___ DATASET EXTRACT

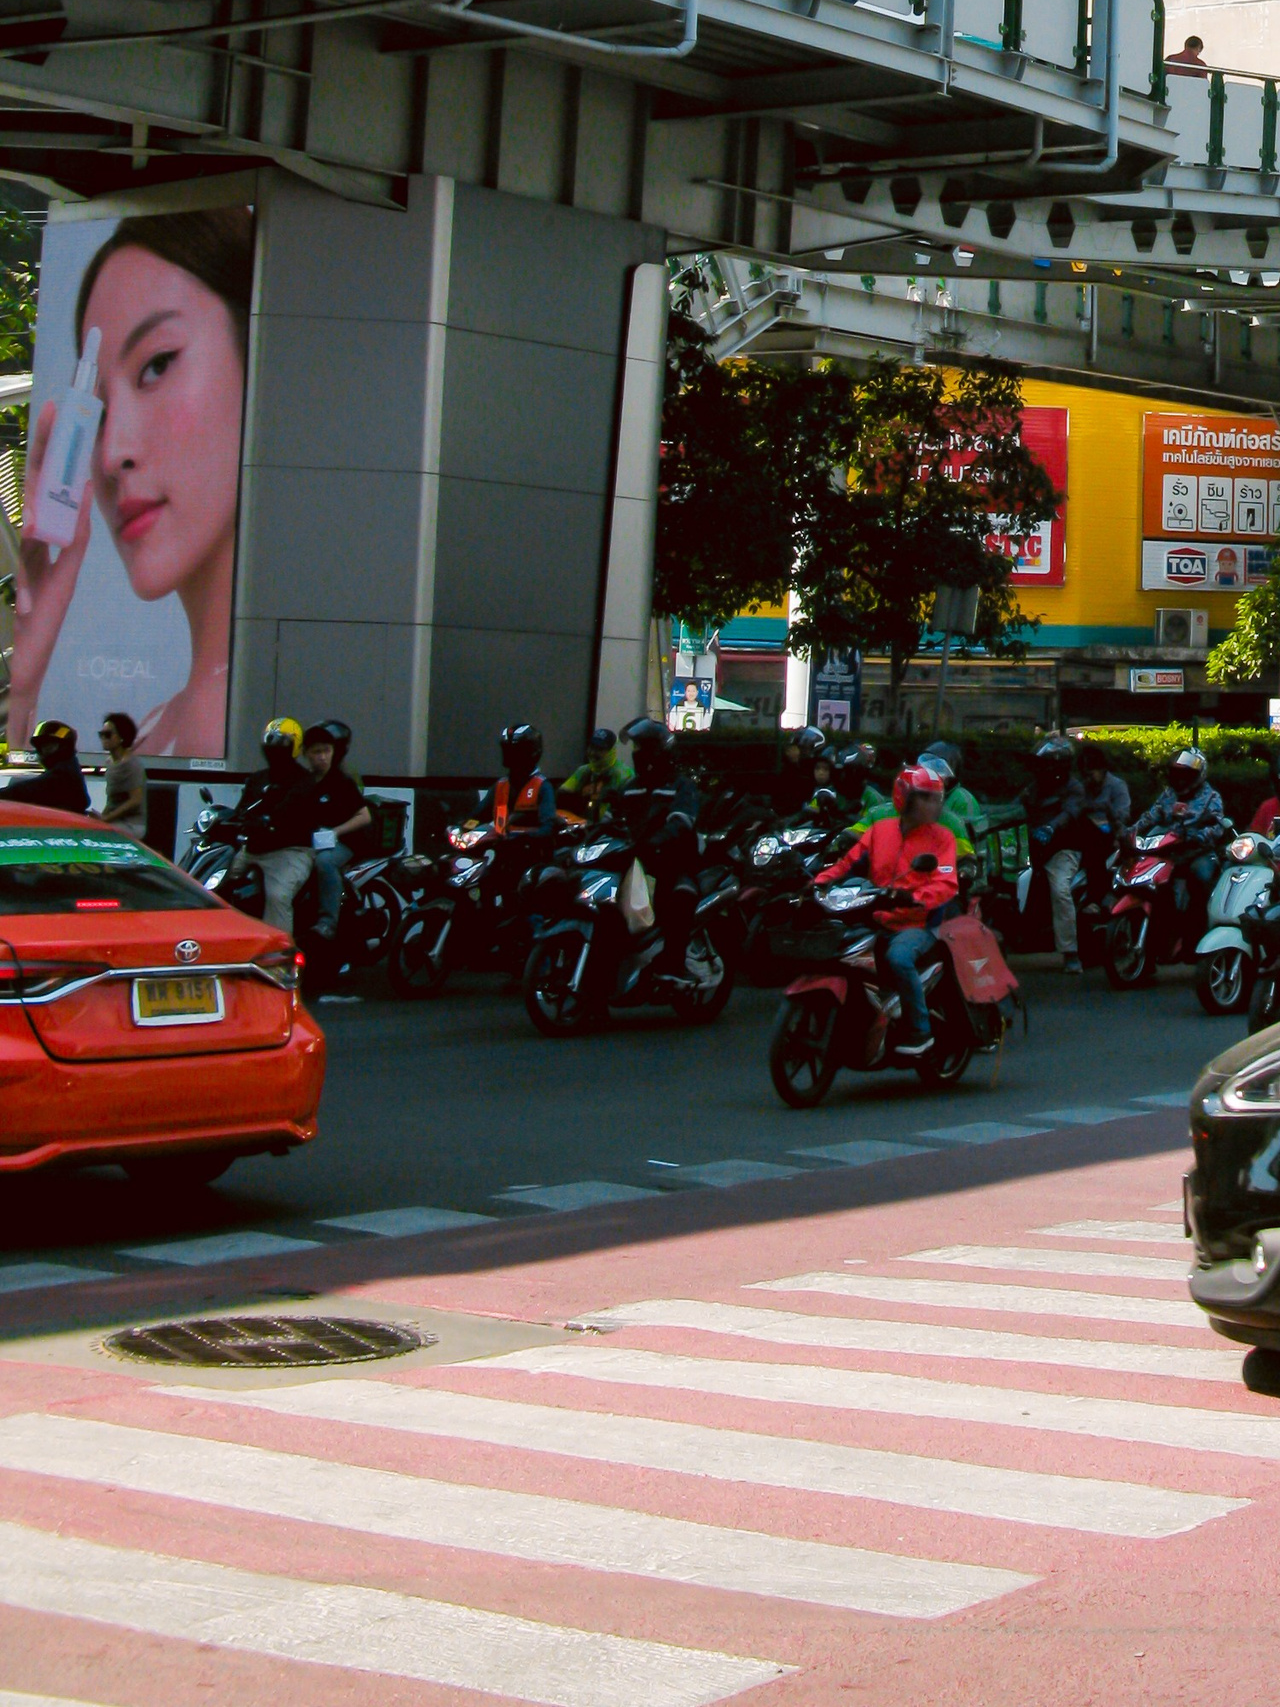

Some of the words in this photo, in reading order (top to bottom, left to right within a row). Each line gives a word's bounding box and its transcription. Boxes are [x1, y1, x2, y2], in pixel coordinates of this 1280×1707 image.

[1172, 478, 1188, 496] รั่ว
[1240, 484, 1262, 499] ร้าว
[1169, 558, 1204, 574] TOA
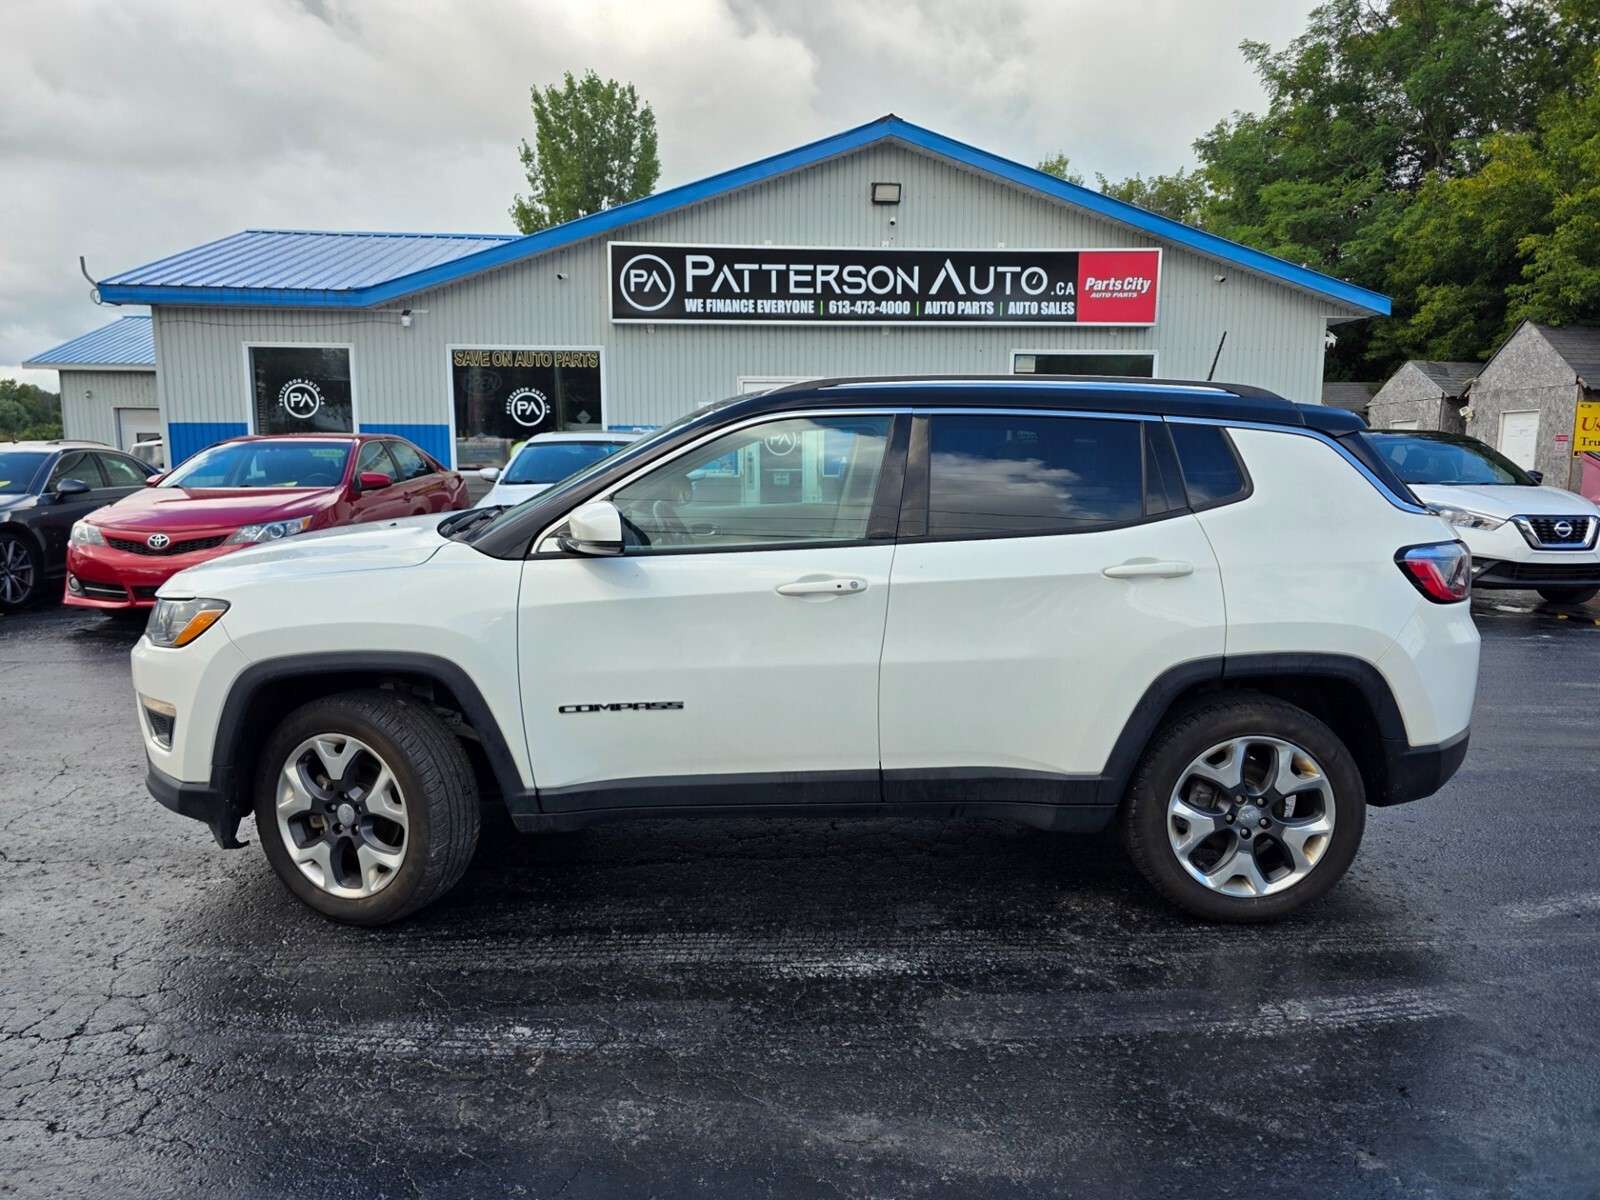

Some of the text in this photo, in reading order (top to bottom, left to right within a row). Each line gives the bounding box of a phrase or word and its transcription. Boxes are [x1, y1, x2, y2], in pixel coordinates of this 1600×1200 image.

[629, 268, 667, 293] PA
[685, 254, 919, 295] PATTERSON
[928, 258, 1049, 295] AUTO
[684, 299, 1075, 315] WE FINANCE EVERYONE 613-473-4000 AUTO PARTS AUTO SALES
[454, 350, 598, 368] SAVE ON AUTO PARTS
[290, 392, 315, 408] PA
[517, 401, 541, 416] PA
[558, 701, 684, 714] COMPASS

______

* ACTION ITEM
Retype exactly the line with "Some of the text" and each line after it until the records end, and include no other line.

* RESPONSE
Some of the text in this photo, in reading order (top to bottom, left to right within a row). Each line gives the bounding box of a phrase or word and its transcription. Boxes are [x1, y1, x2, y2], in pixel coordinates of this 1600×1200 image.

[629, 268, 667, 293] PA
[685, 254, 919, 295] PATTERSON
[928, 258, 1049, 295] AUTO
[684, 299, 1075, 315] WE FINANCE EVERYONE 613-473-4000 AUTO PARTS AUTO SALES
[454, 350, 598, 368] SAVE ON AUTO PARTS
[290, 392, 315, 408] PA
[517, 401, 541, 416] PA
[558, 701, 684, 714] COMPASS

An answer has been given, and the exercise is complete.